Presenting the film anamorphic-widescreen at an aspect ratio of 1.78:1 (slightly misidentified on the sleeve as 1.85:1), the transfer Cinema Guild presents is gorgeous, nearly flawless; there may be the barest, most ghostly rare hint of edge enhancement, but otherwise, the different black-and-white textures, intermingled with color video, that Gee has attained appear rich and true to the source, with copious texture in the portions shot on celluloid (there's nothing quite like blown-up 16 mm, and it's used both aptly and flat-out beautifully here). No aliasing or other compression artifacts mar what is overall an excellent visual presentation.Sound:
The Dolby Digital 2.0 soundtrack offers crystal-clear, rich, sonorous voices and all the low nuances (sometimes near-subliminal) of The Caretaker's deep score, without a trace of imbalance or distortion anywhere.Extras:
--"Ambient Visual Presentation of the Film by 'The Caretaker'". a 20-minute visual piece in which the main part of the post-rock orchestral score for Patience, created by The Caretaker (aka electronic musician James Kirby, working in a Brian Eno/Godspeed You Black Emperor! vein), is accompanied by some of the more haunting footage Gee shot for the main documentary. It's like a crystallization of the purely emotional, wordless elements of the film, and it makes for an apt, complementary supplement.

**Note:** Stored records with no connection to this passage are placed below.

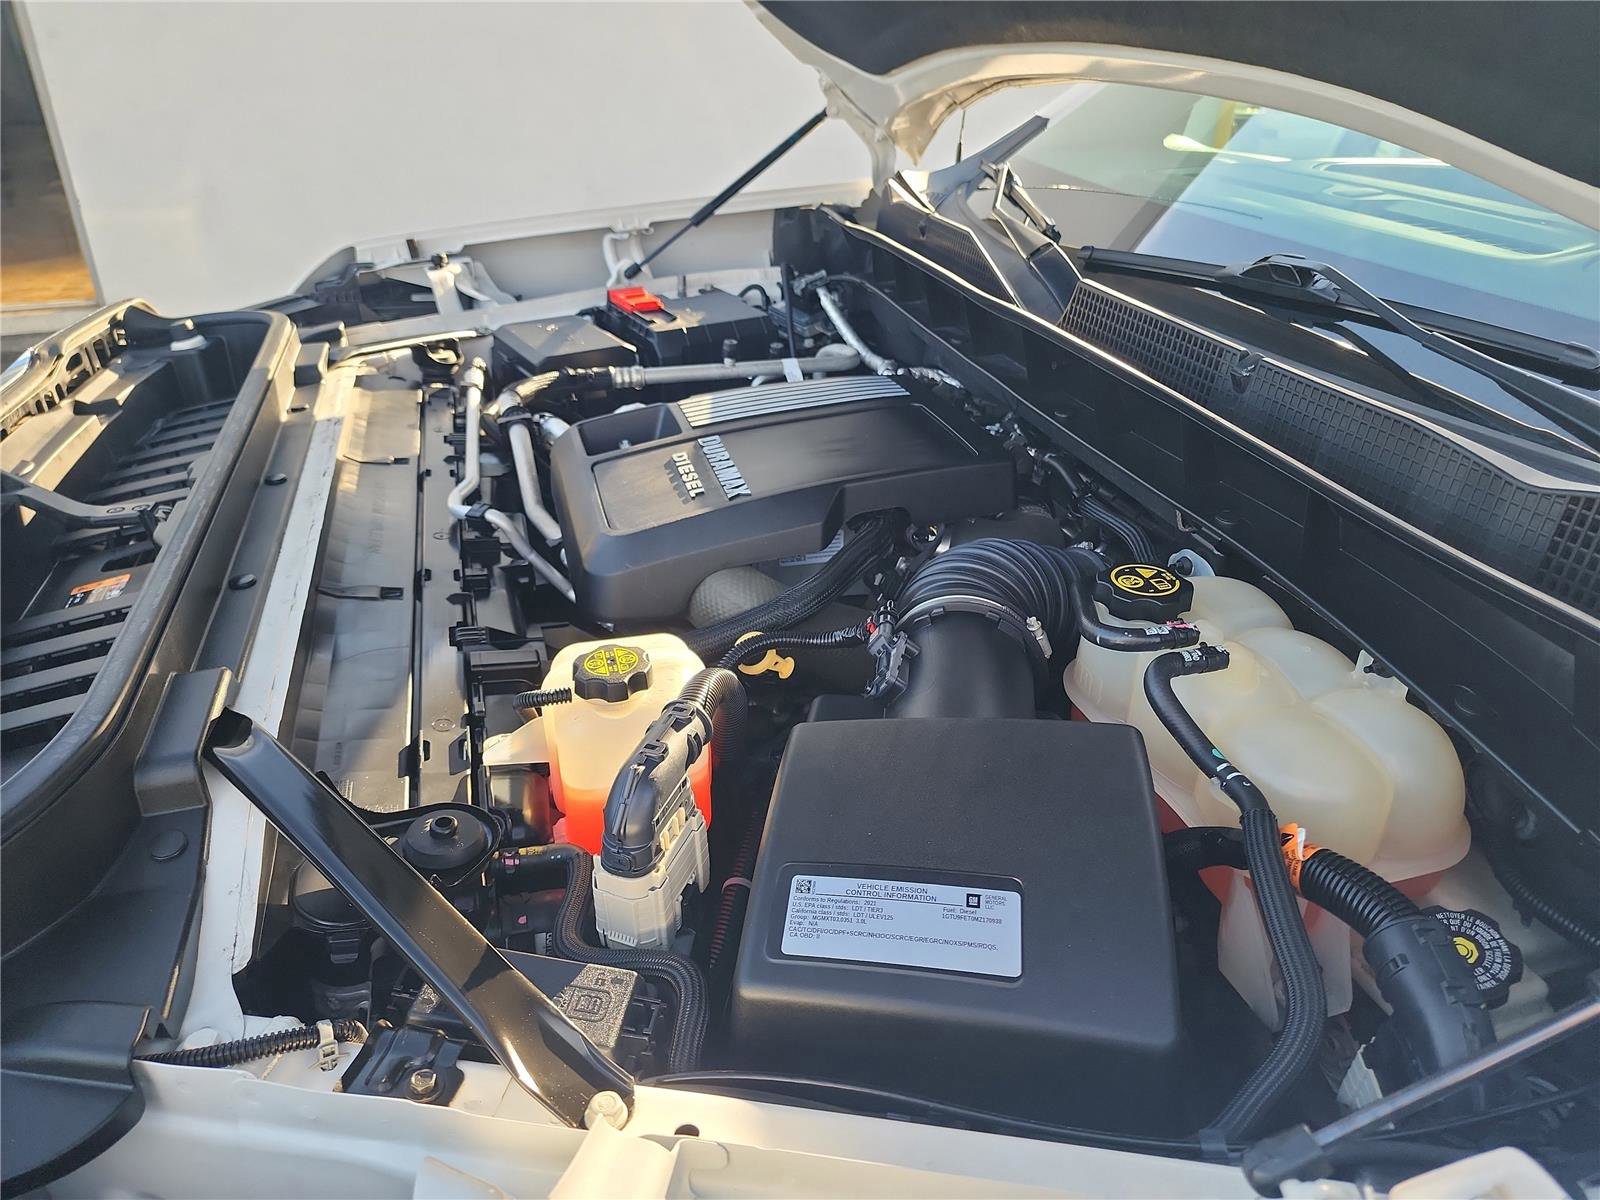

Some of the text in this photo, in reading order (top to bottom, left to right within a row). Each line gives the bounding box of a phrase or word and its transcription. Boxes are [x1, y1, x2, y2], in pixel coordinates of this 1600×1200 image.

[697, 434, 752, 501] DURAMAX
[671, 451, 705, 500] DIESEL
[845, 888, 937, 902] CONTROL INFORMATION
[857, 883, 928, 895] VEHICLE EMISSION
[790, 913, 809, 921] Group:
[791, 907, 817, 915] California
[959, 907, 977, 915] Diesel
[1435, 912, 1465, 920] NETTOYER
[1475, 919, 1501, 939] BOUCHON
[1472, 924, 1493, 941] LIQUIDE
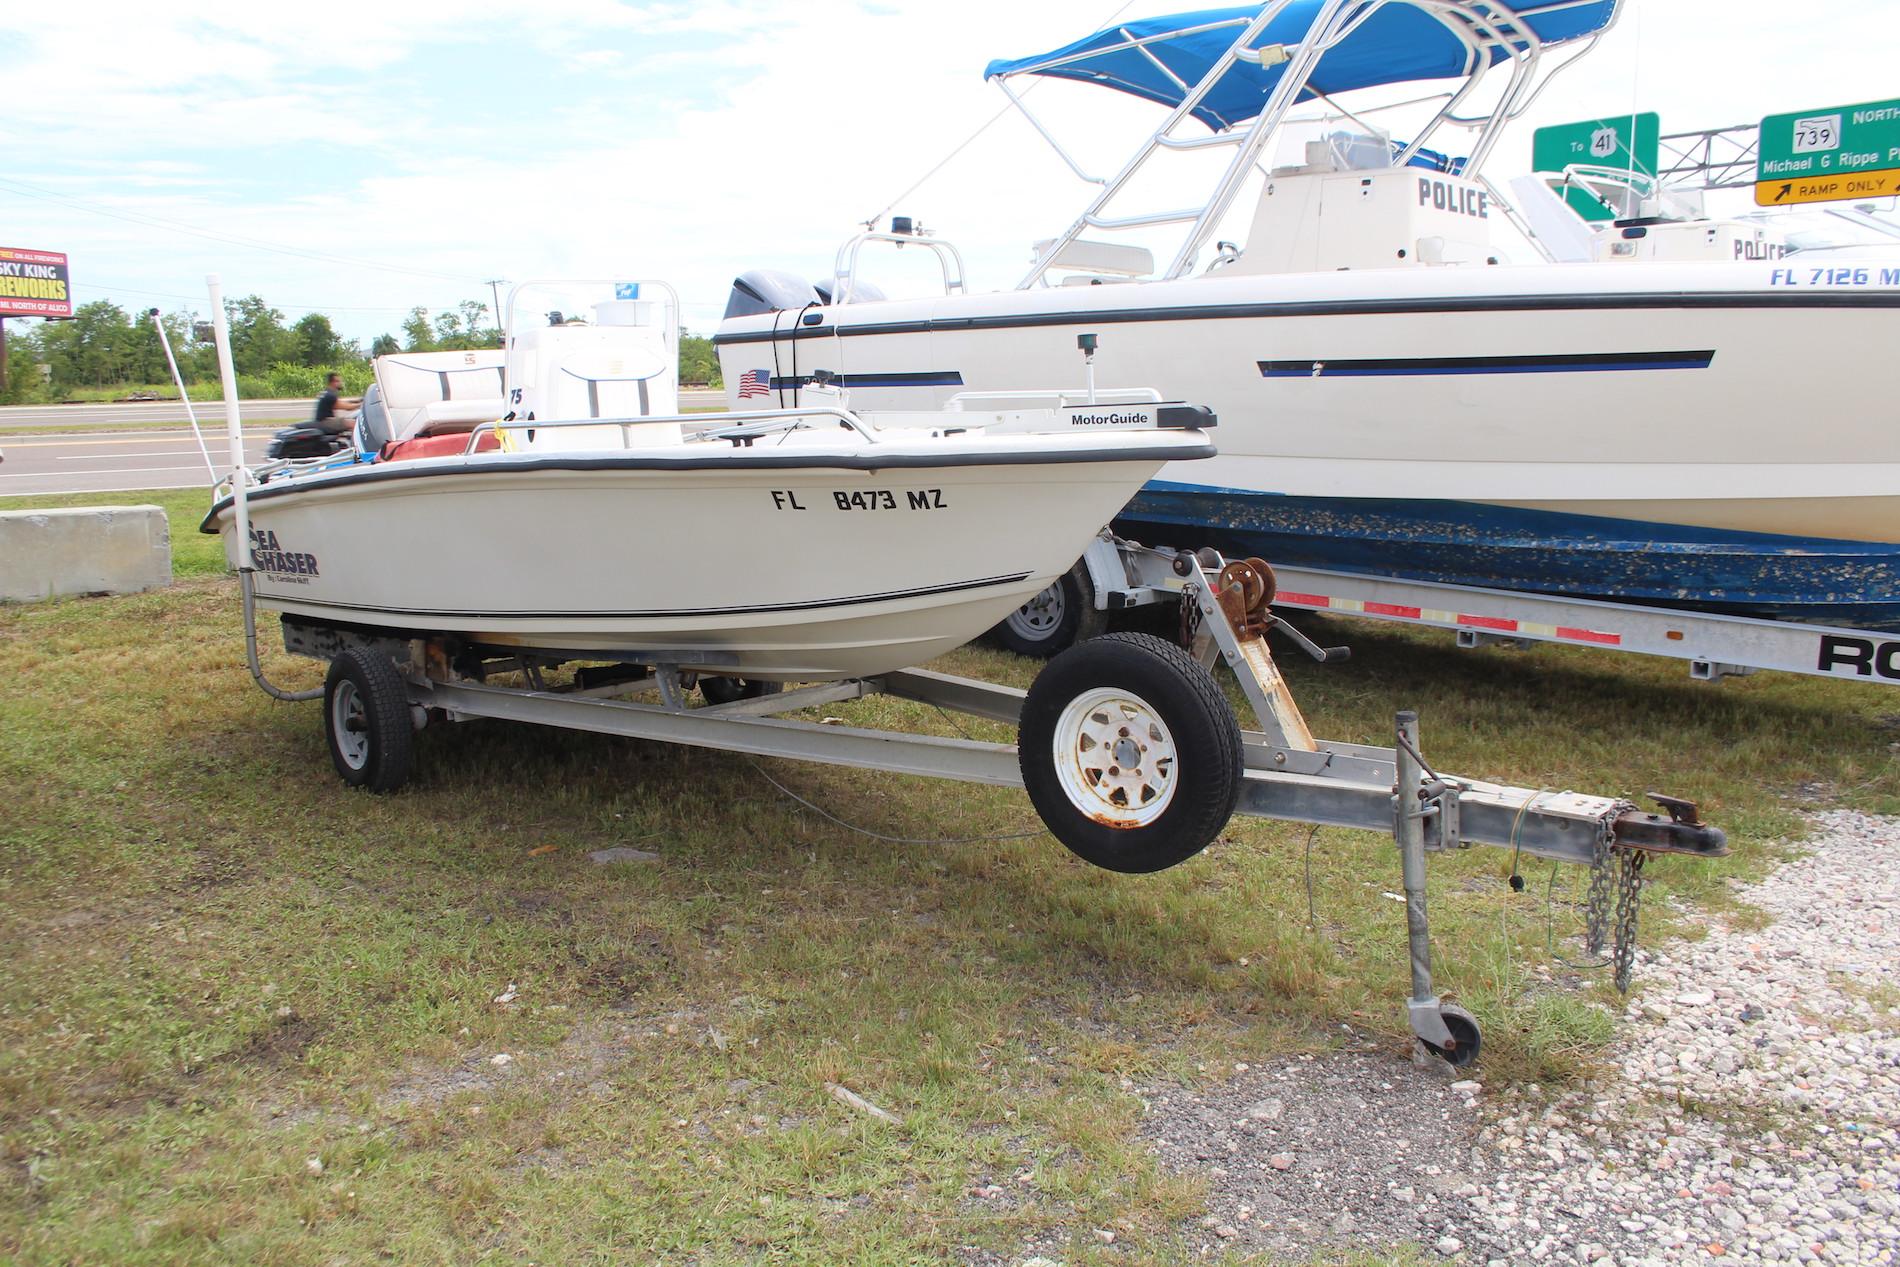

Whether you've never heard of the great German-British writer W.G. Sebald, are vaguely familiar, or are one of his many ardent admirers, Grant Gee's documentary Patience (After Sebald) is a surprisingly insightful tribute to the writer, as well as a remarkably adept transposition of his sensibility to the screen -- something anyone only familiar with Sebald's writings would surely consider next to impossible. Following in the footsteps of the excursion detailed in one of the most acclaimed of Sebald's first-person travelogues/memoirs/fictions/allusive meditations, The Rings of Saturn, the film takes us on a far-ranging journey that encompasses the book itself -- its profound, seemingly free-associative, networking contemplations of place, displacement, troubled history, and strange, utterly unexpected/unpredictable, and exhilarating connections -- and a generous amount of thought and commentary on it and its author by a variety of colleagues and fellow artists/writers who knew Sebald or have been influenced in some way by his work. It's a rich, heady film that, in a way similar to Sebald's work, carries you along with it to the most unpredictable yet exactly right places. An inspiring piece of cinema on its own merits, it's hard to imagine a better, more quietly urgent inspiration than Patience to revisit the sublimity of Sebald's uncategorizable "novels" -- or, if you haven't yet had the disorienting, mind-blowing pleasure of getting lost in one of them, to immediately seek out the tantalizing opportunity. Highly Recommended.